The Ark, an 84 ft lighter, was fitted out as a floating laboratory by the father of modern oceanography, Sir John Murray. She formed the Scottish Marine Station for 12 years from 1884. In 1885 she was moved from Granton and drawn up on the shore at Port Loy, Cumbrae. She attracted a stream of distinguished scientists, drawn by the richness of the fauna and flora of the Firth of Clyde, but closed in 1903.

In Millport, an amateur naturalist, David Robertson, was encouraged by meeting Anton Dohrn and by the wealth of findings from the Challenger expedition. In 1894 he formed a committee to build a marine station in Millport and took over The Ark. In May 1897, Sir John Murray formally opened Millport Marine Biological Station, situated near Keppel Pier. The building provided a laboratory with equipped tables, and a museum and aquarium open to the public. The Ark was totally destroyed by a great storm on the night of 20 January 1900.

On 21 July 1904 Scotia, the ship of Dr William Speirs Bruce's Scottish National Antarctic Expedition, returned to her first Scottish landing site, on the Isle of Cumbrae.

From this beginning the station was gradually built up to its present size.
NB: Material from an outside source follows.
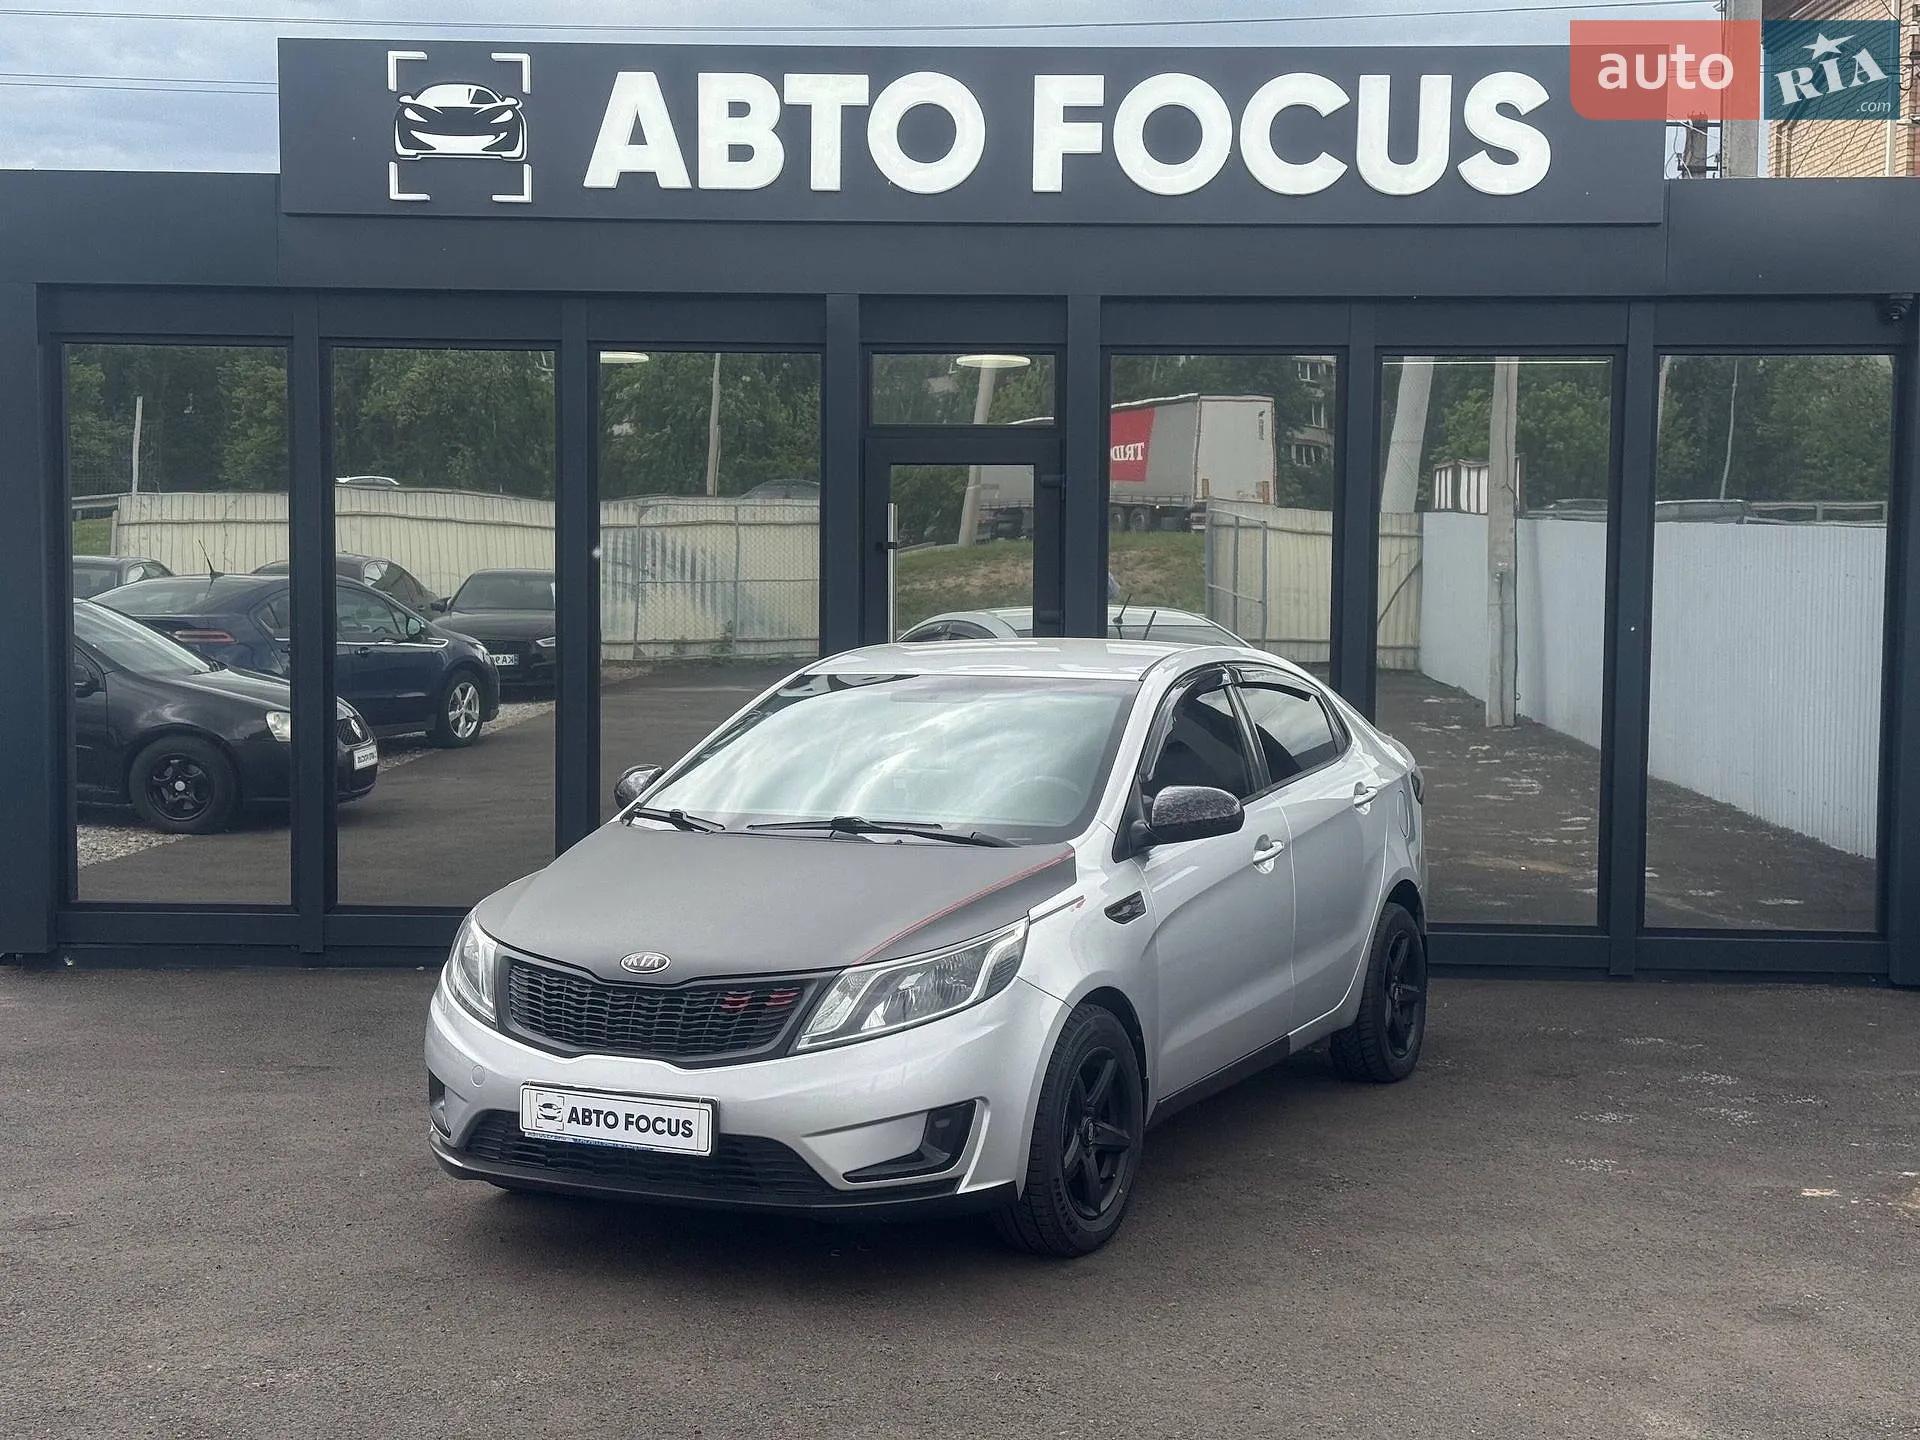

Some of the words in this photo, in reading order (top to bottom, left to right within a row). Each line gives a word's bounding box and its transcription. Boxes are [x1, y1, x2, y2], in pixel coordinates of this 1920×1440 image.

The original building proved too small for the purpose and an architectural copy was built alongside. From 1966 to 1987 the station ran under the Directorship of Ronald Ian Currie FRSE who was responsible for the creation of RV Challenger and RV Calanus.

In December 2012 it was announced that the University Marine Biological Station Millport would be forced to close after the Higher Education Funding Council for England withdrew the grant of 400,000 pounds that it gave to the University of London to run the station. UMBSM closed on 31 October 2013.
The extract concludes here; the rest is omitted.